Tensions between China and Japan have ratcheted up in recent years to the point where their territorial dispute over islands in the East China Sea is seen as among the region’s most dangerous flashpoints. The prospect of Sino-Japanese conflict over these islands is one that cannot be taken lightly by Australia. Economically, three of our four leading trading partners are located in Northeast Asia, while sea lanes vital to Australian trade run through the waters of the East China Sea. Strategically and politically, two US allies are based in this region and America retains a strong forward military presence there.

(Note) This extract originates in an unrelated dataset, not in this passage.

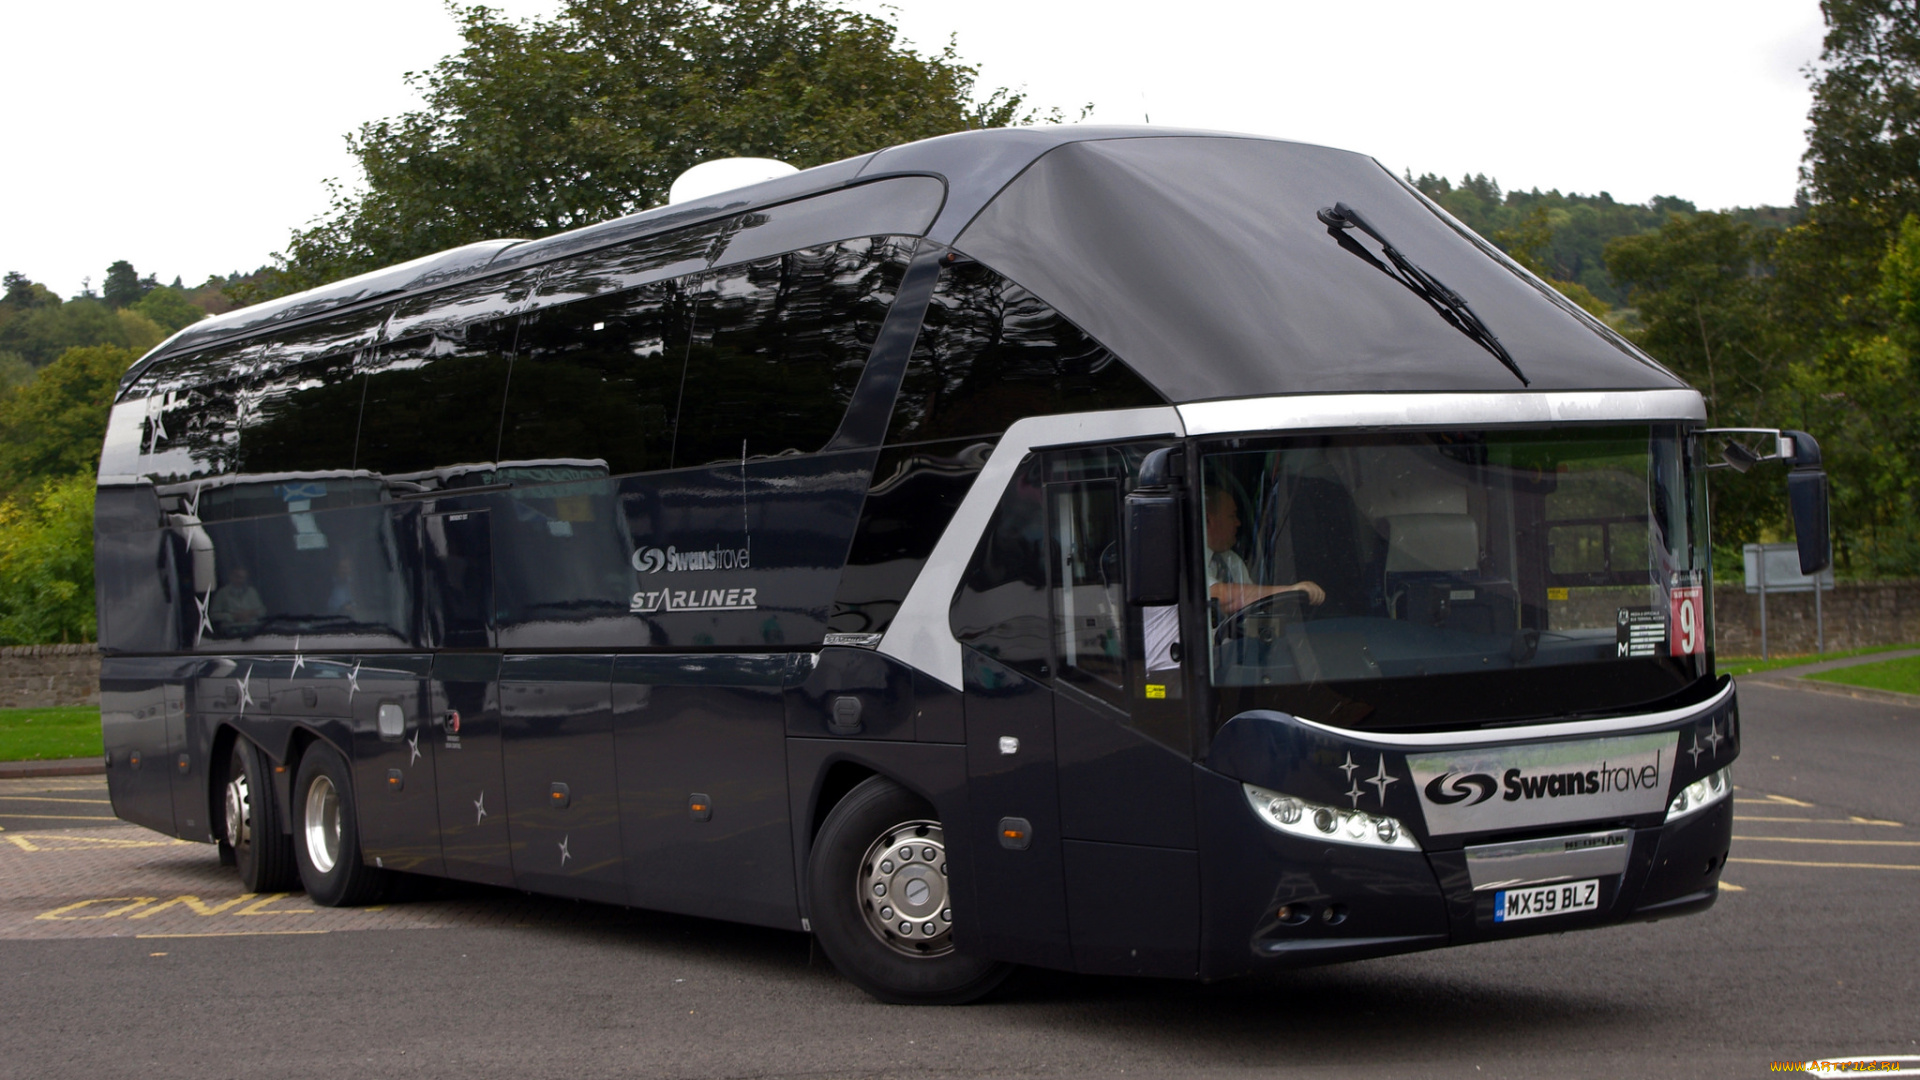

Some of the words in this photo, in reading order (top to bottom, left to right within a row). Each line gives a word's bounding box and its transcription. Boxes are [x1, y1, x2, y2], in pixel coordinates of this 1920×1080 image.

This paper starts from the premise that insufficient attention has been given to the potential ramifications for Australia of conflict in the East China Sea, particularly in terms of whether Australia’s alliance obligations with the United States could embroil Canberra in a conflict. The paper is motivated in part by Defence Minister Johnston’s June 2014 remarks stating that the ANZUS alliance would not commit Australia to a conflict where the US had sent forces to support Japan. While reminiscent of remarks made a decade earlier by then-Foreign Minister Alexander Downer in relation to the prospect of Australian involvement via ANZUS in a Taiwan contingency, Johnston’s assessment has not attracted anywhere near the same level of attention and analysis as those made by Downer in August 2004.
The purpose of this paper is to begin to fill this gap in Australia’s public and policy debate by analysing the circumstances under which conflict in the East China Sea could occur and the implications thereof for Australia. The paper answers three questions:
1. What does Australia’s alliance relationship with the US commit Canberra to in the event of conflict in the East China Sea?
2. What are the risks that Australia faces as a result of ANZUS and other associated international commitments?
3. What can be done to better understand and manage these risks?